§ **Work to complete**
Pictures are to be left out, and every entry repeated exactly.

§ **Input material**
((

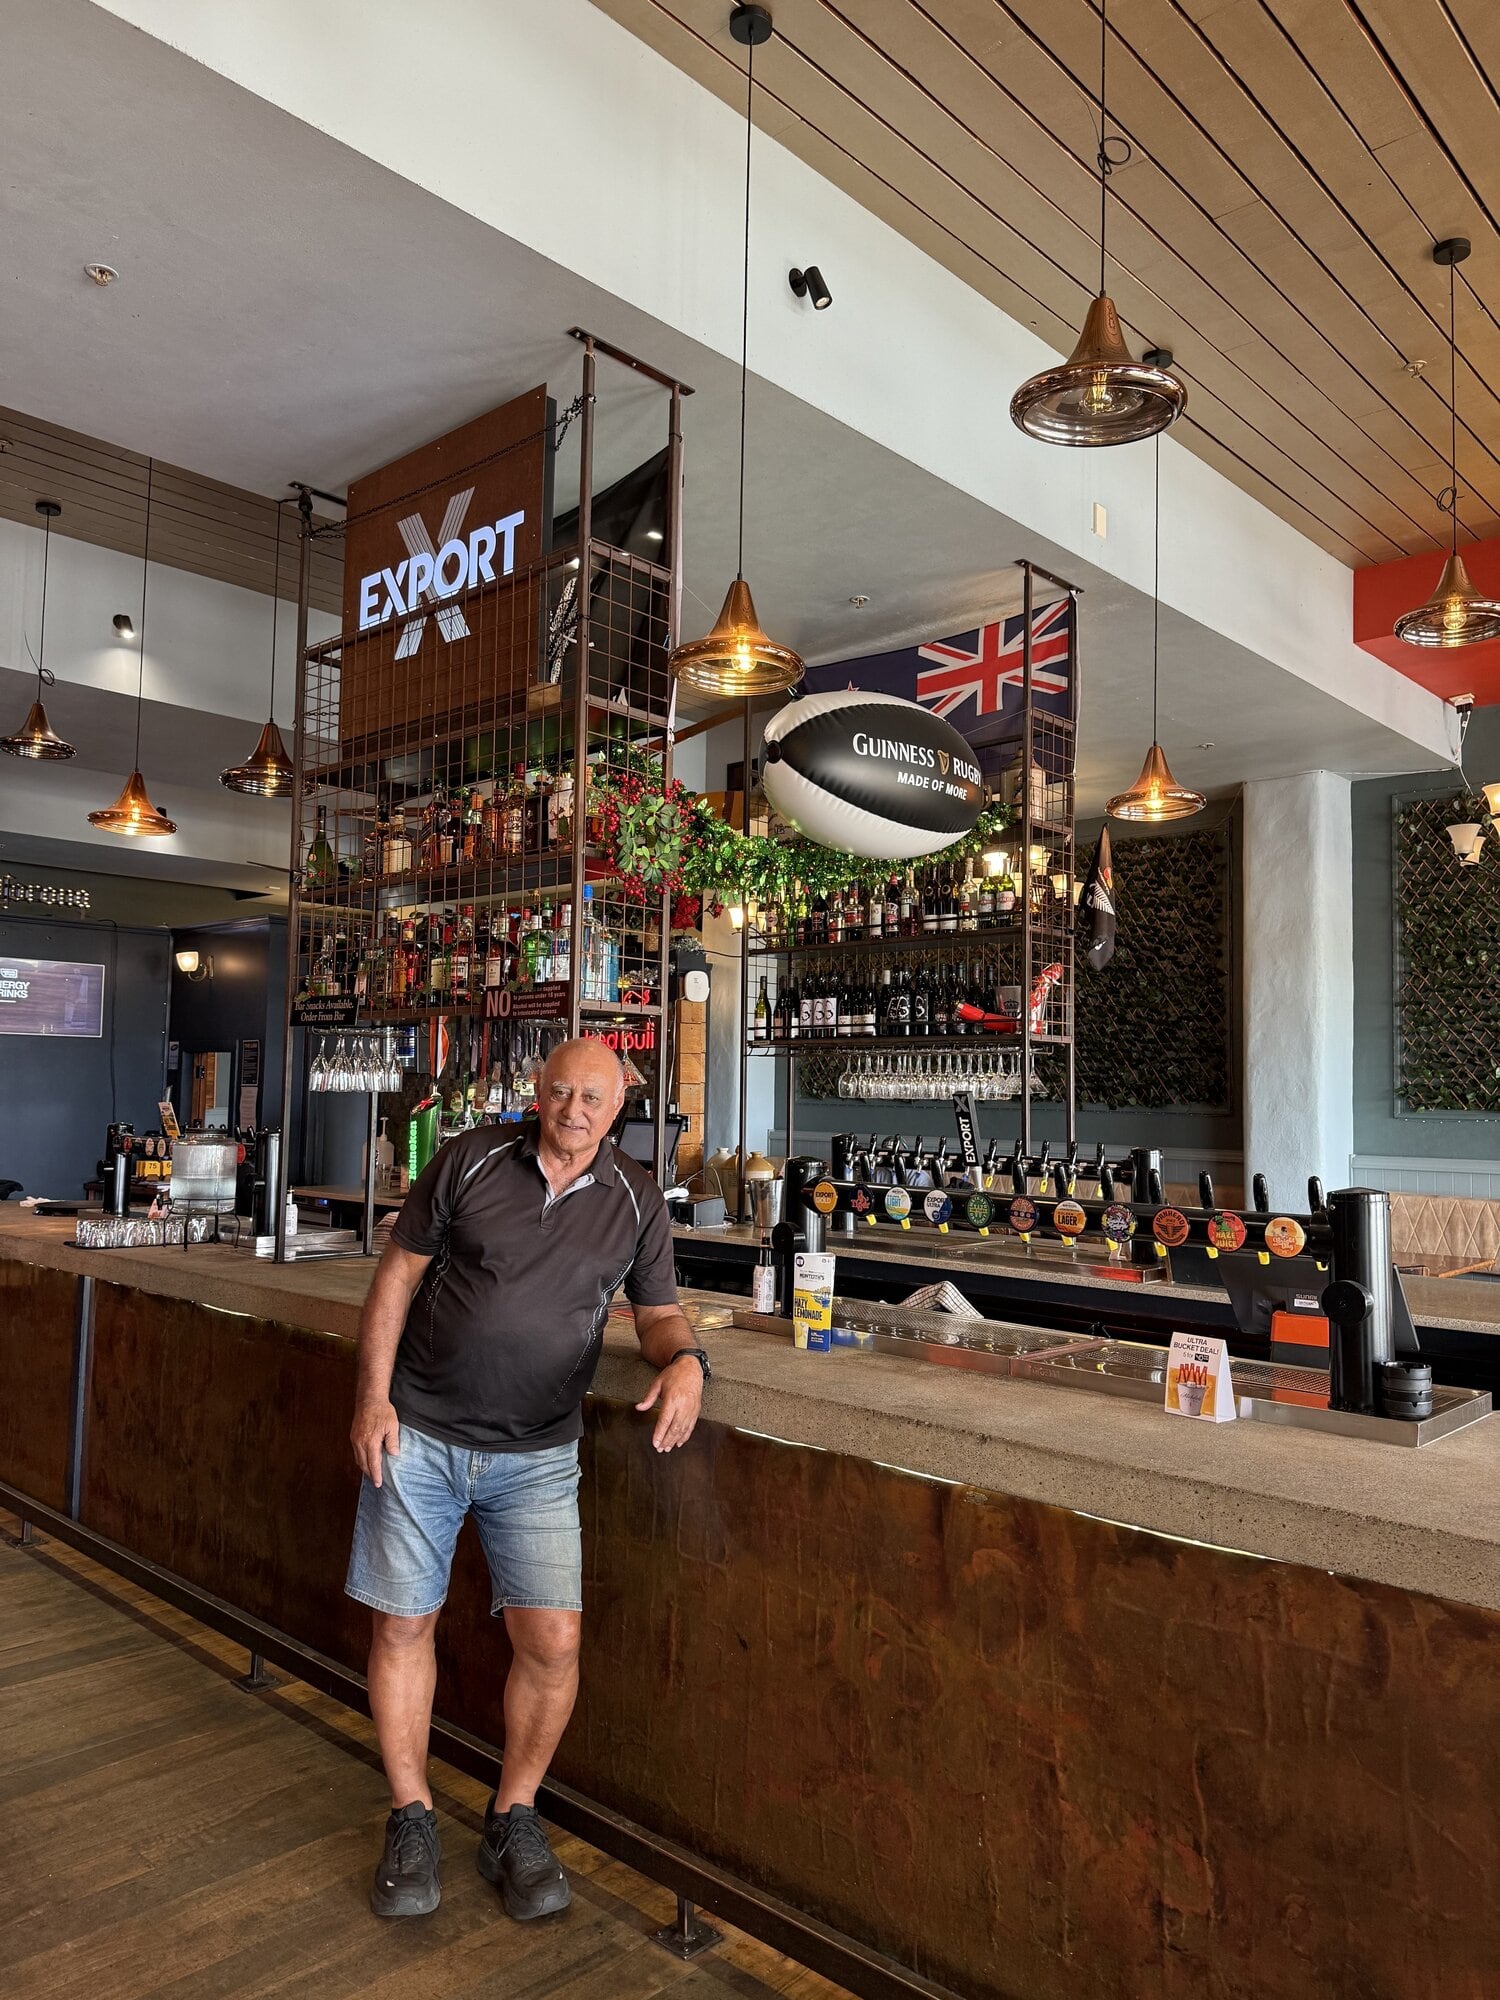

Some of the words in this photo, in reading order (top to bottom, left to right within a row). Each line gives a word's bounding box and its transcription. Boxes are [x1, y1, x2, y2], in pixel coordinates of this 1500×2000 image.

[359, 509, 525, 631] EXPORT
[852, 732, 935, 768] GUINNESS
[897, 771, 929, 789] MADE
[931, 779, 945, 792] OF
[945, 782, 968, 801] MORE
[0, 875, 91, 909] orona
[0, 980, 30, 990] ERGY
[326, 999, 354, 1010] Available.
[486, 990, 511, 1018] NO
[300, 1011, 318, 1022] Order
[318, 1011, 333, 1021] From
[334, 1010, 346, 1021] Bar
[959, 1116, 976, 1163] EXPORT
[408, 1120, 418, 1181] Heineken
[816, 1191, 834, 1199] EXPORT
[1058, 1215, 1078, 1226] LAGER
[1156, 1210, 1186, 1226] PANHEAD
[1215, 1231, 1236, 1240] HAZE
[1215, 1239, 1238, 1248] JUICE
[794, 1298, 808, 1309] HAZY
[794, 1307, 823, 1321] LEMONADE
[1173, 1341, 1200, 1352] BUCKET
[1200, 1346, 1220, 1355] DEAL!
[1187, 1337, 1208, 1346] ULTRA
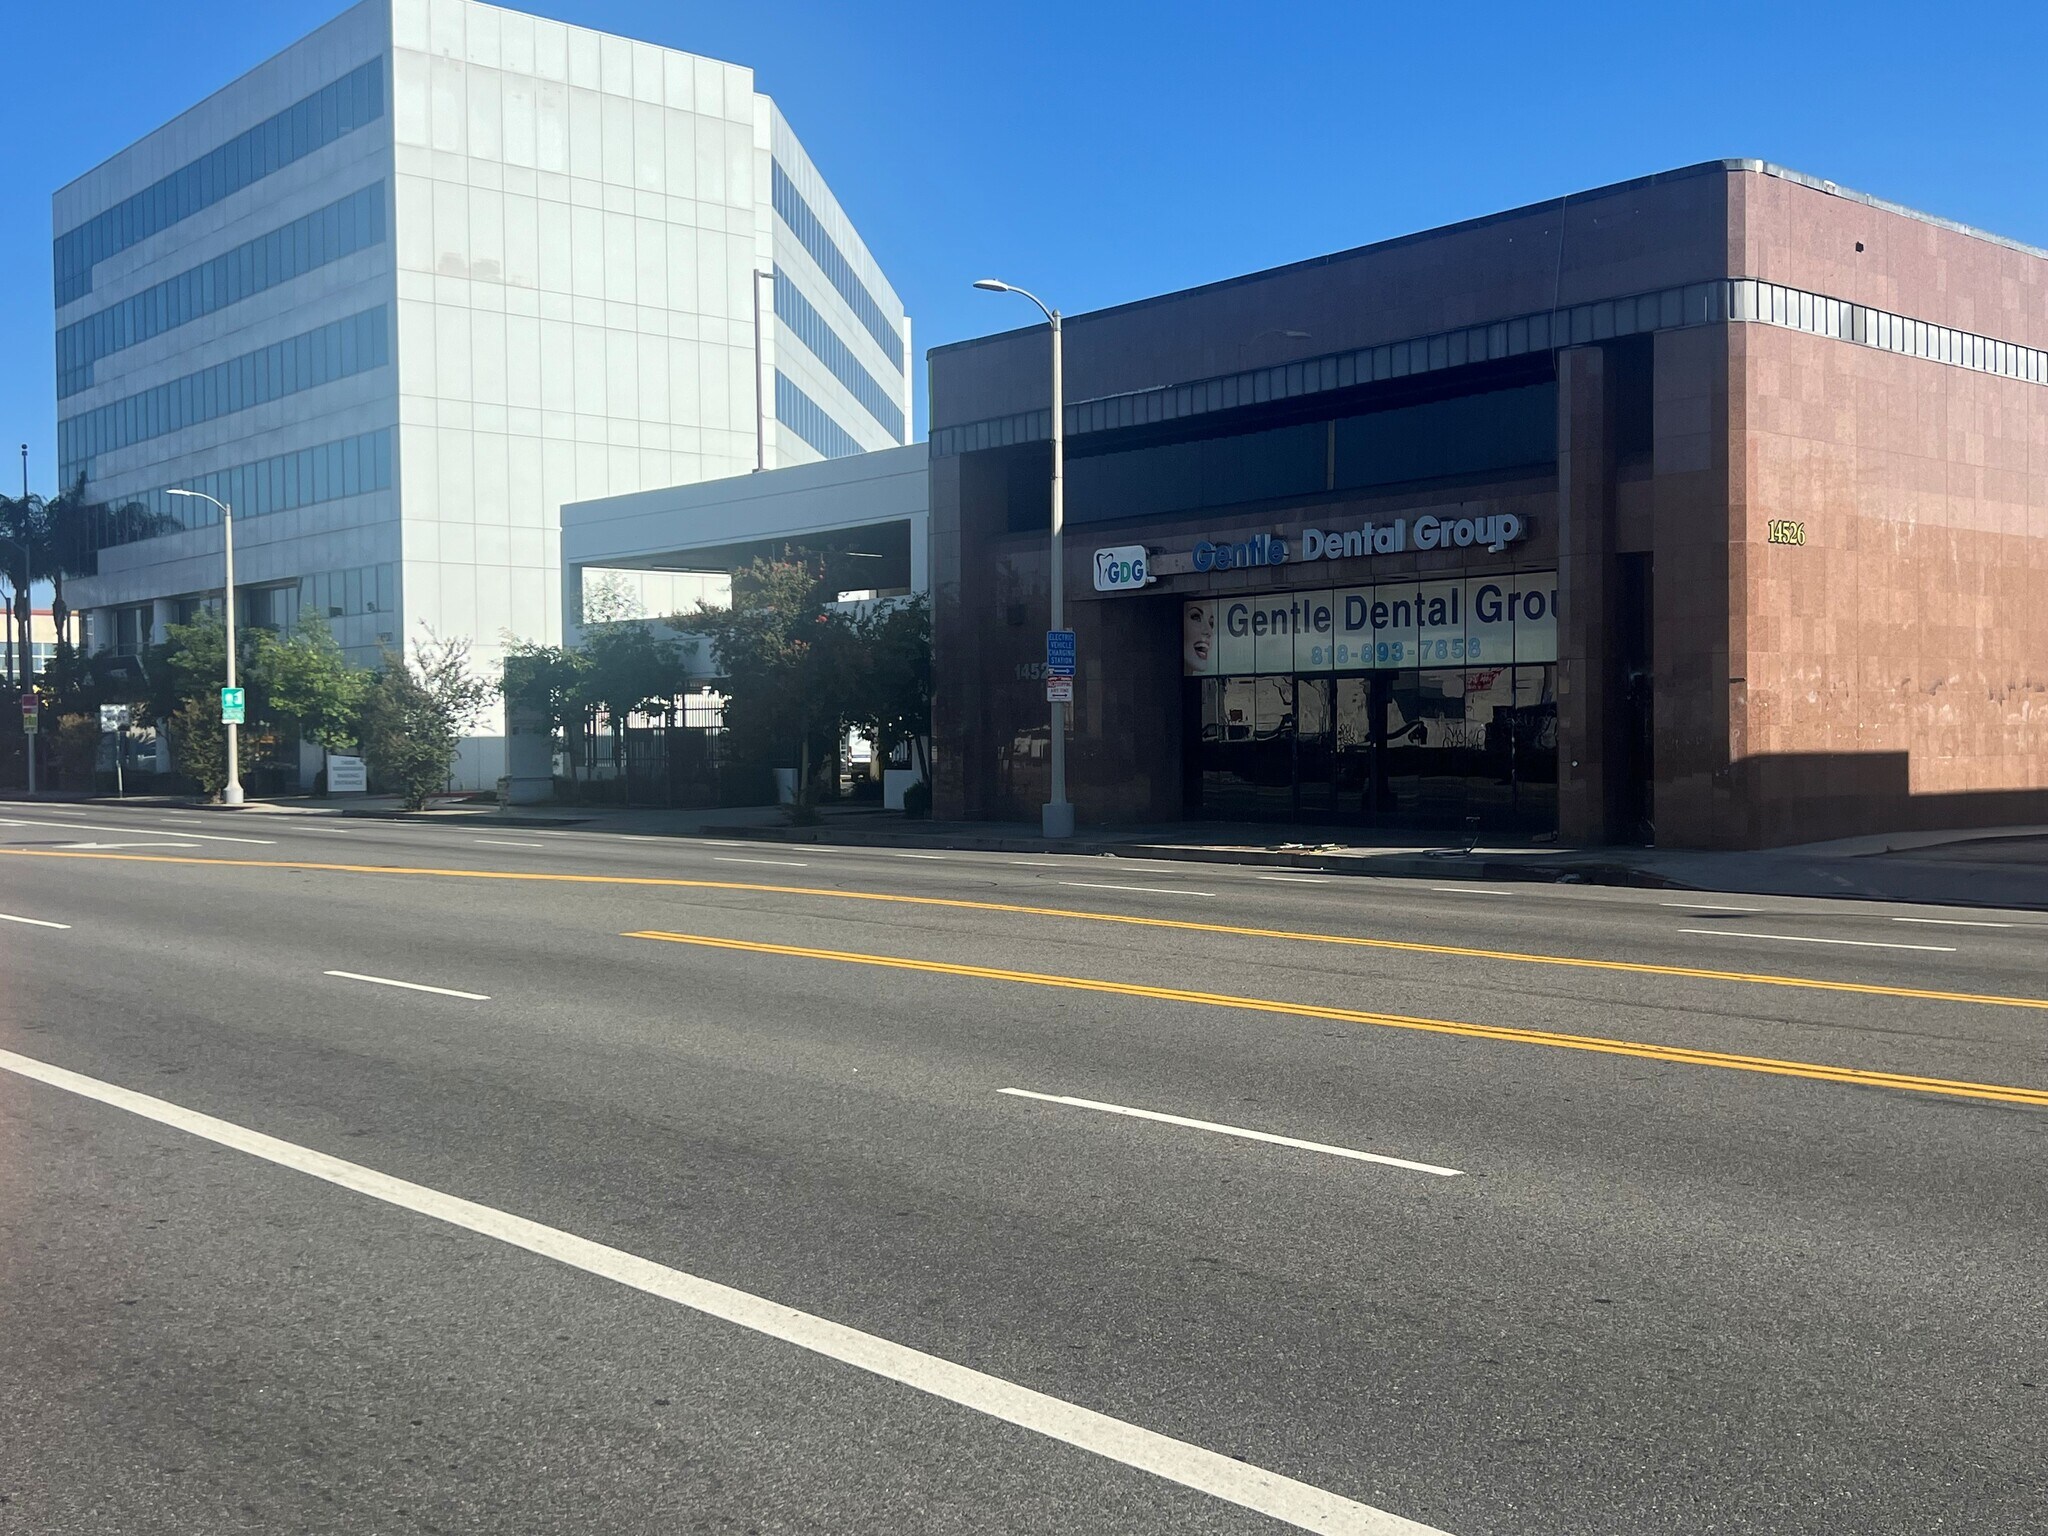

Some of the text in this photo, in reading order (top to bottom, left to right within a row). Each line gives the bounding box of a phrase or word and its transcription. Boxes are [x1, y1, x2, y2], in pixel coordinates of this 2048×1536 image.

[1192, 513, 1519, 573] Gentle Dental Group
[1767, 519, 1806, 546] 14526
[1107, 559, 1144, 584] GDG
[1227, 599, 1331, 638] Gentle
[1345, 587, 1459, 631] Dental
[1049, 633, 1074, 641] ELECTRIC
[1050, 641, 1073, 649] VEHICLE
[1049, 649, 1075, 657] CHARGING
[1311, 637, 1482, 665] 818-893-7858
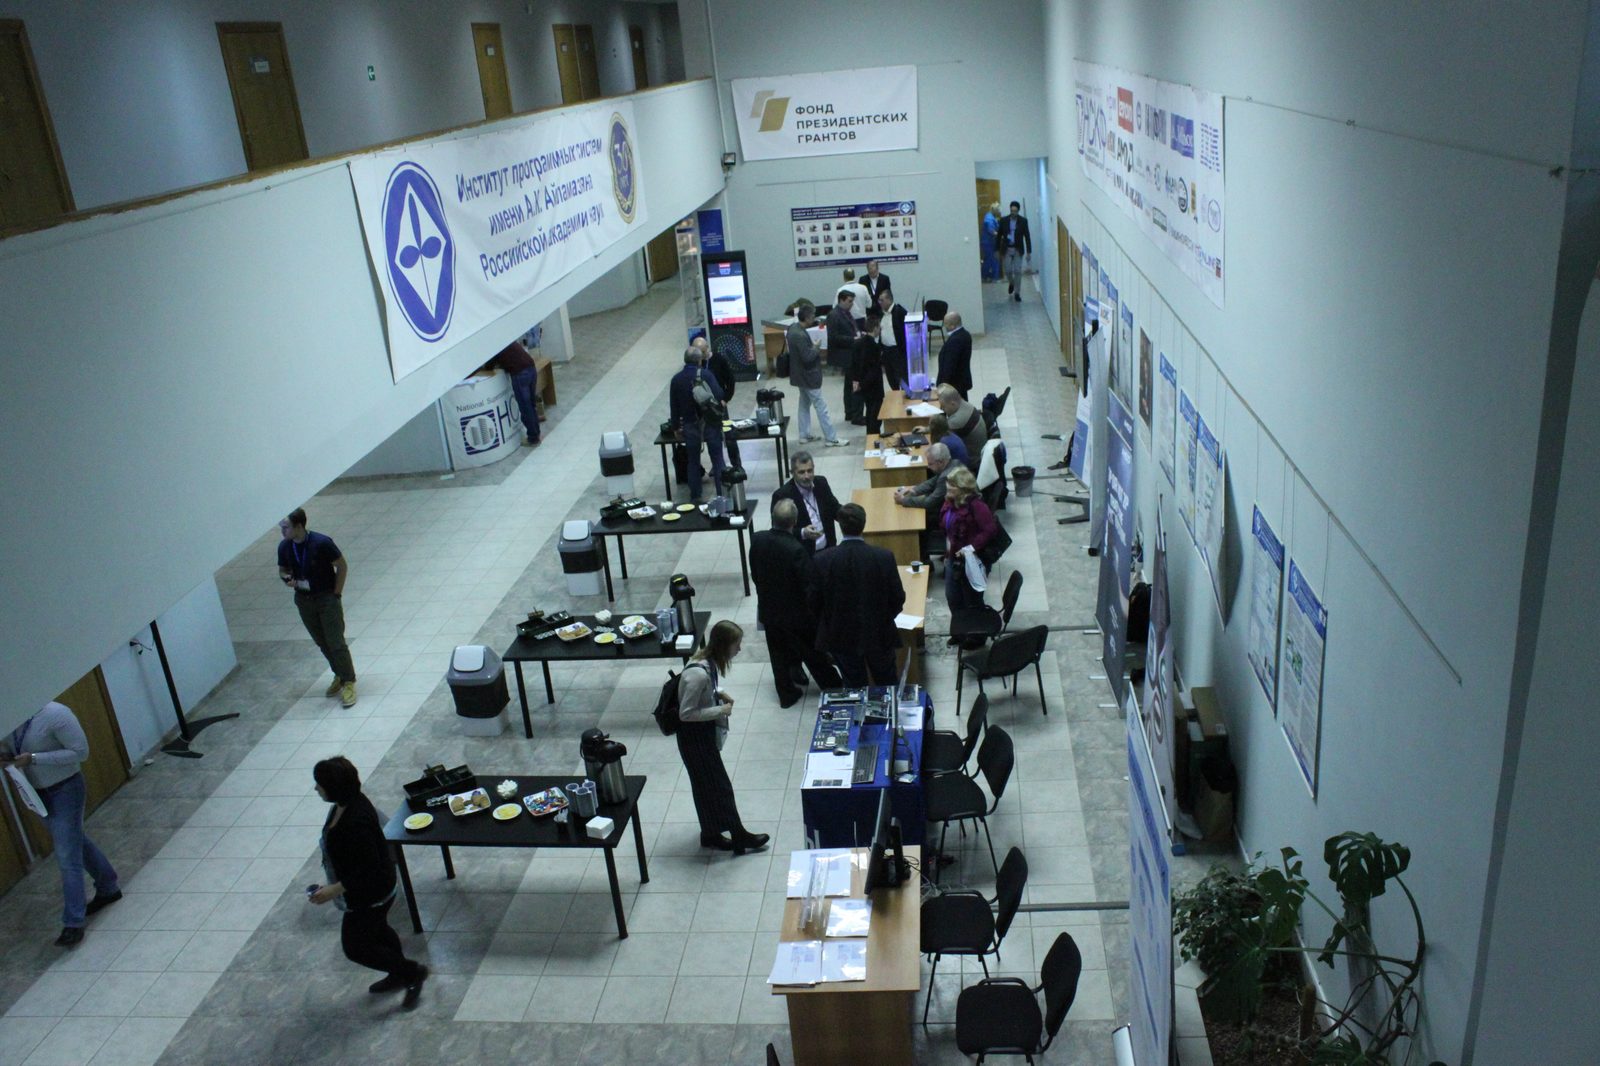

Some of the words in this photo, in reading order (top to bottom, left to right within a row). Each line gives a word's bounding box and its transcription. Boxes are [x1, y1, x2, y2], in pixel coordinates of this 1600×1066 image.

))

§ **Task result**
Some of the words in this photo, in reading order (top to bottom, left to right within a row). Each line gives a word's bounding box and its transcription. Boxes are [x1, y1, x2, y2], in pixel coordinates of this 1500×2000 image.

[359, 509, 525, 631] EXPORT
[852, 732, 935, 768] GUINNESS
[897, 771, 929, 789] MADE
[931, 779, 945, 792] OF
[945, 782, 968, 801] MORE
[0, 875, 91, 909] orona
[0, 980, 30, 990] ERGY
[326, 999, 354, 1010] Available.
[486, 990, 511, 1018] NO
[300, 1011, 318, 1022] Order
[318, 1011, 333, 1021] From
[334, 1010, 346, 1021] Bar
[959, 1116, 976, 1163] EXPORT
[408, 1120, 418, 1181] Heineken
[816, 1191, 834, 1199] EXPORT
[1058, 1215, 1078, 1226] LAGER
[1156, 1210, 1186, 1226] PANHEAD
[1215, 1231, 1236, 1240] HAZE
[1215, 1239, 1238, 1248] JUICE
[794, 1298, 808, 1309] HAZY
[794, 1307, 823, 1321] LEMONADE
[1173, 1341, 1200, 1352] BUCKET
[1200, 1346, 1220, 1355] DEAL!
[1187, 1337, 1208, 1346] ULTRA

Some of the text in this photo, in reading order (top to bottom, left to right within a row). Each line gives the bounding box of a phrase or word and its transcription. Boxes are [x1, y1, x2, y2], in pixel coordinates of this 2048×1536 image.

[1192, 513, 1519, 573] Gentle Dental Group
[1767, 519, 1806, 546] 14526
[1107, 559, 1144, 584] GDG
[1227, 599, 1331, 638] Gentle
[1345, 587, 1459, 631] Dental
[1049, 633, 1074, 641] ELECTRIC
[1050, 641, 1073, 649] VEHICLE
[1049, 649, 1075, 657] CHARGING
[1311, 637, 1482, 665] 818-893-7858

Some of the words in this photo, in reading order (top to bottom, left to right within a row). Each line gives a word's bounding box and its transcription. Boxes are [x1, y1, x2, y2], in pixel coordinates of this 1600×1066 image.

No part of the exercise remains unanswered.